Frigyes Karinthy : "Les assassins"
Prologue
- - C'est par ici, dit le portier et
il me conduisit vers l'entrée du sous-sol. Descendez l'escalier, tournez
à droite, longez le couloir, tournez à gauche et vous verrez au
bout la porte avec l'écriteau : "Directeur".
J'ai
passé des couloirs souterrains étroits en me demandant pourquoi
le directeur habitait sous la terre. Mais j'ai compris que le
music-hall occupait entièrement le rez-de-chaussée, que d'en bas
on pouvait très bien le gérer et que tout était
très économique. C'était un monde complexe de trappes, de
poutres et de corniches, de petites lampes électriques pointillaient
l'obscurité. Il y régnait une odeur de bois blanc, d'huile.
Il
faisait chaud dans le bureau du directeur, les murs souterrains étaient
couverts de lourds tapis onéreux. Il me fit asseoir dans un confortable
fauteuil et m'offrit un havane.
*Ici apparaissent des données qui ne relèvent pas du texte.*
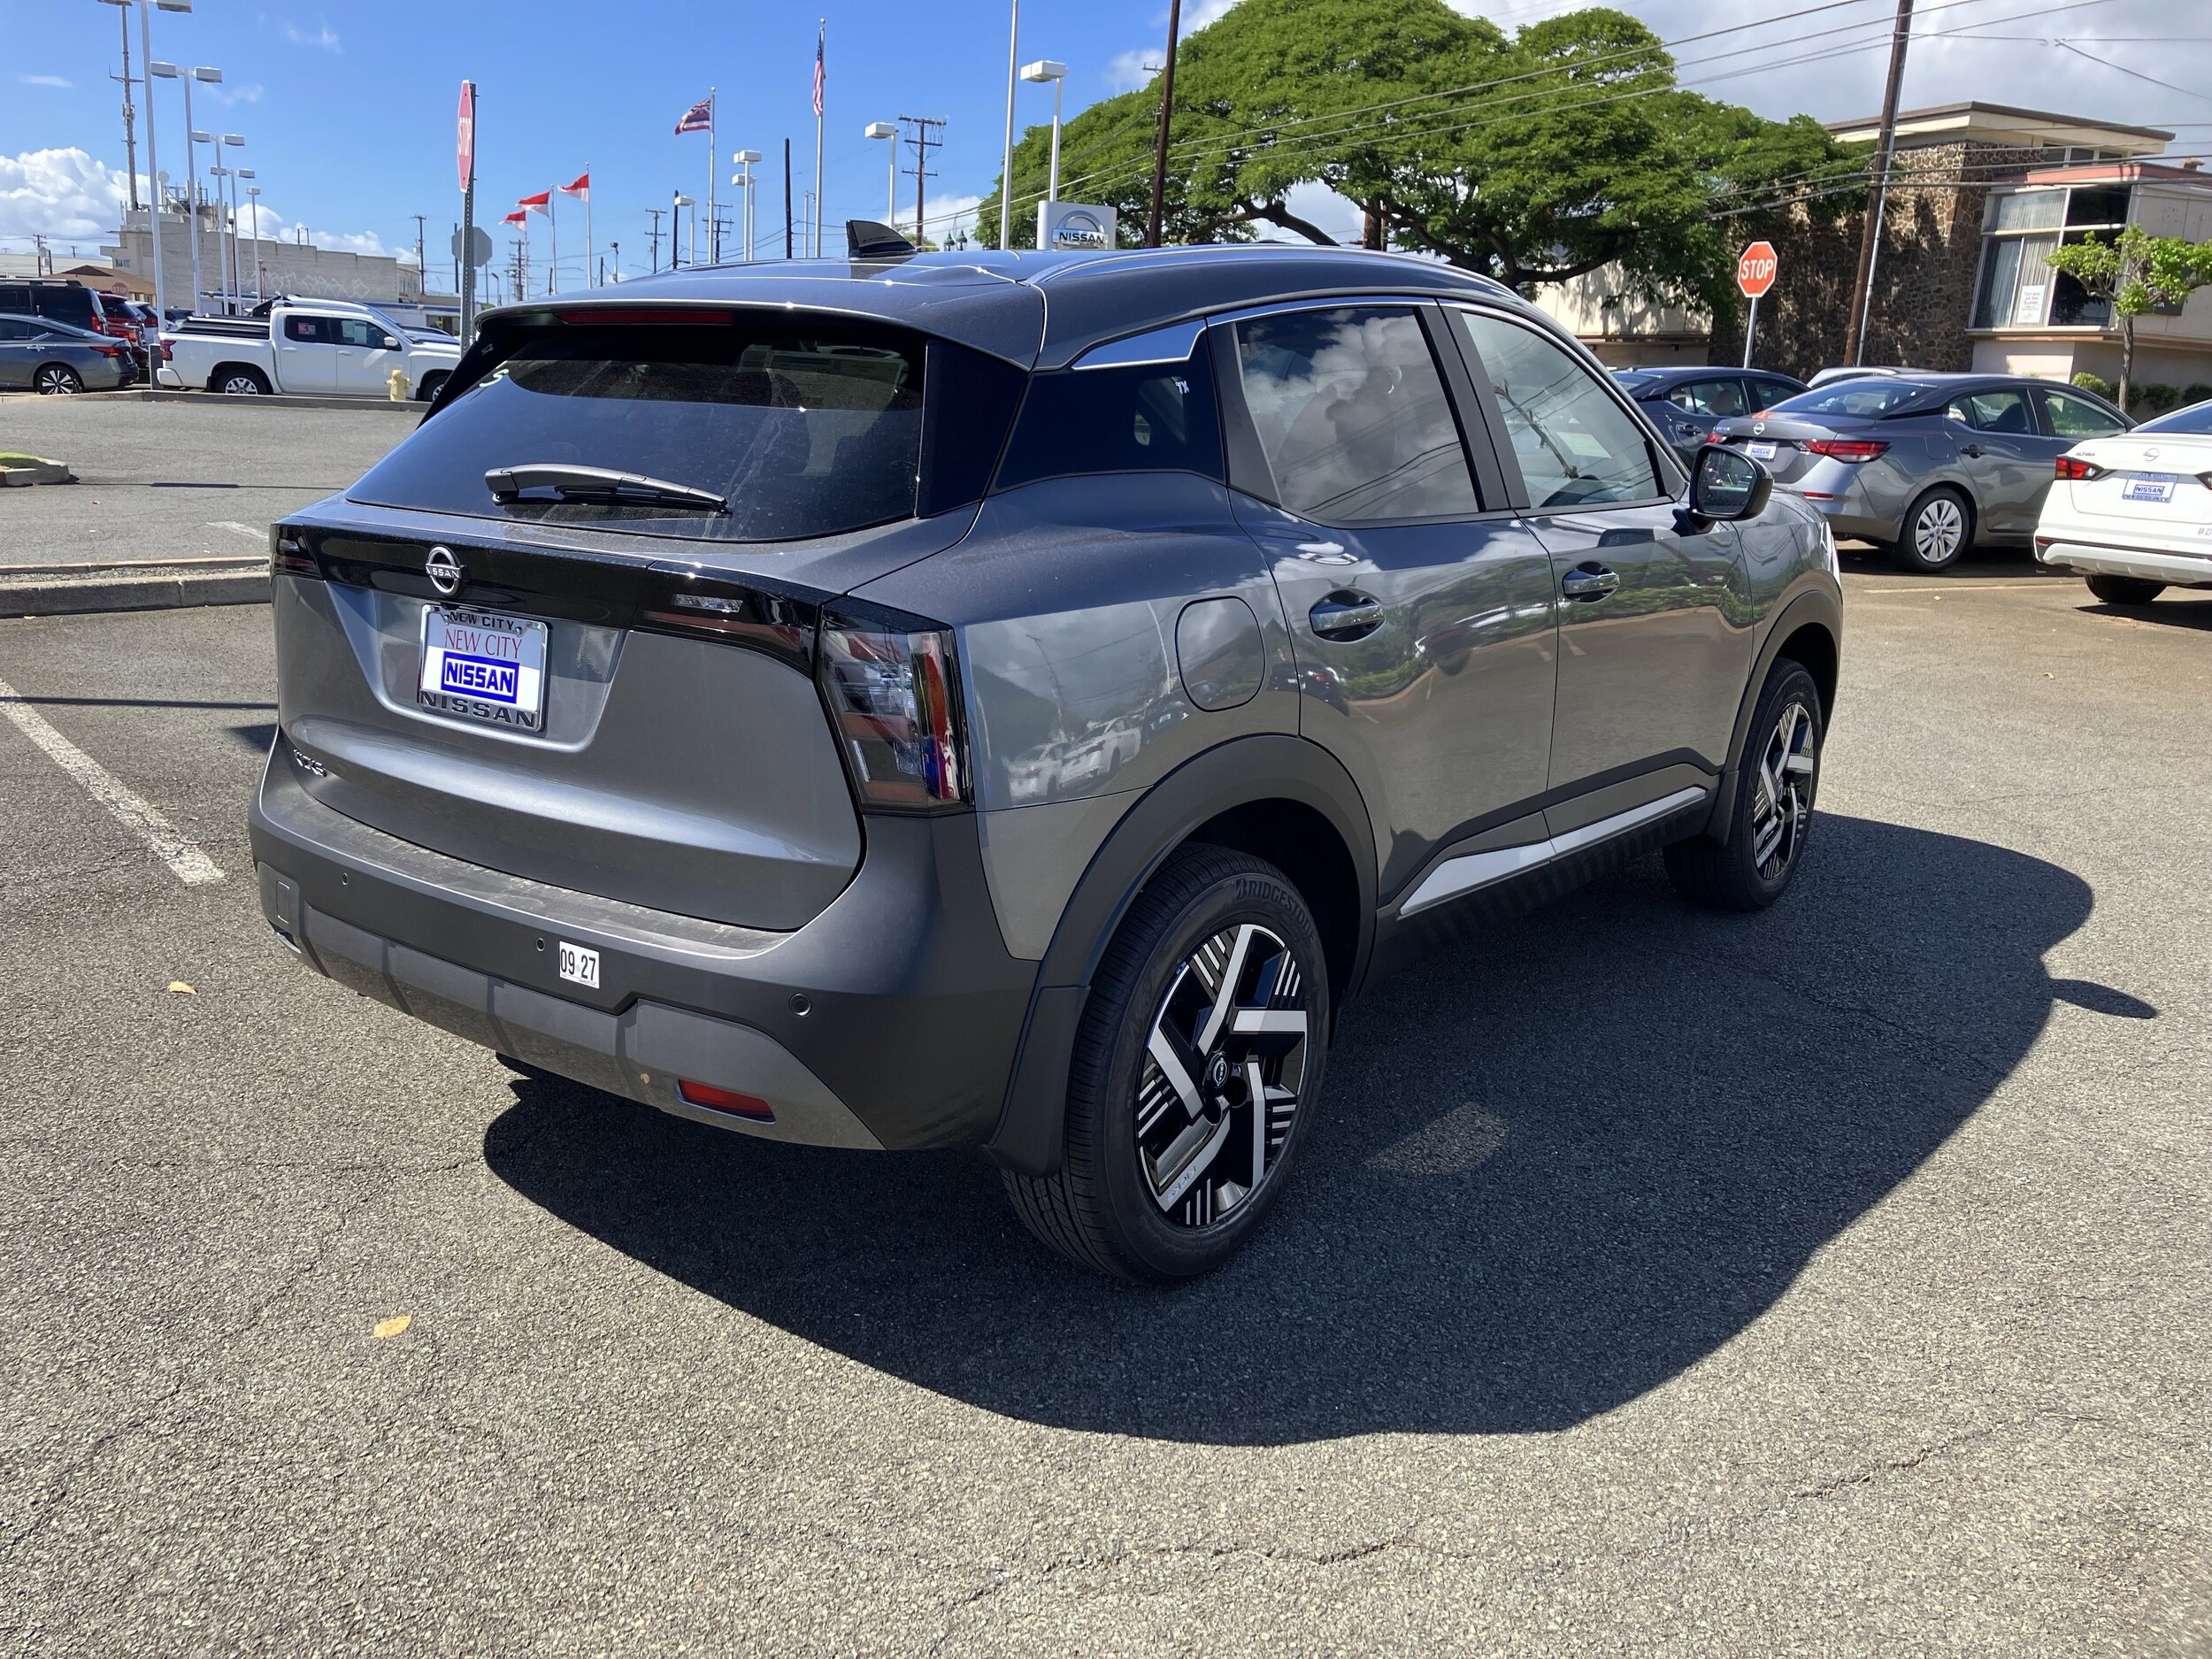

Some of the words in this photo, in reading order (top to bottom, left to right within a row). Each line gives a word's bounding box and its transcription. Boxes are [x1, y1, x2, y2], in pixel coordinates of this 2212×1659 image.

[458, 117, 471, 156] STOP
[1059, 232, 1104, 243] NISSAN
[1741, 259, 1774, 280] STOP
[426, 565, 459, 579] NISSAN
[449, 611, 478, 625] NEW
[481, 616, 515, 631] CITY
[444, 628, 481, 652] NEW
[485, 634, 522, 659] CITY
[446, 662, 513, 693] NISSAN
[420, 691, 534, 727] NISSAN
[1235, 877, 1316, 946] BRIDGESTONE
[560, 948, 575, 975] 09
[580, 954, 596, 981] 27
La blancheur de son visage bien rasé
rayonnait derrière le bureau, ses yeux blasés et sarcastiques
bougeaient distraitement. Devant lui sur la table une série de boutons
électriques, ses doigts ne cessaient pas d'y pianoter.
- Je
voulais justement téléphoner, dit-il, je croyais que vous
étiez perdu.
J'ai
hoché la tête et l'avertissement d'être prudent avec lui me
revint à l'esprit.
- C'est
Son Excellence qui vous a recommandé, me dit le directeur, mais moi
aussi j'aime bien lire ce que vous écrivez. J'ai toujours à
cœur d'employer des jeunes gens de talent, ambitieux, ça nous
apporte des forces nouvelles et vous donne à vous une opportunité
sans laquelle vous auriez beau être doués, vous n'iriez pas loin.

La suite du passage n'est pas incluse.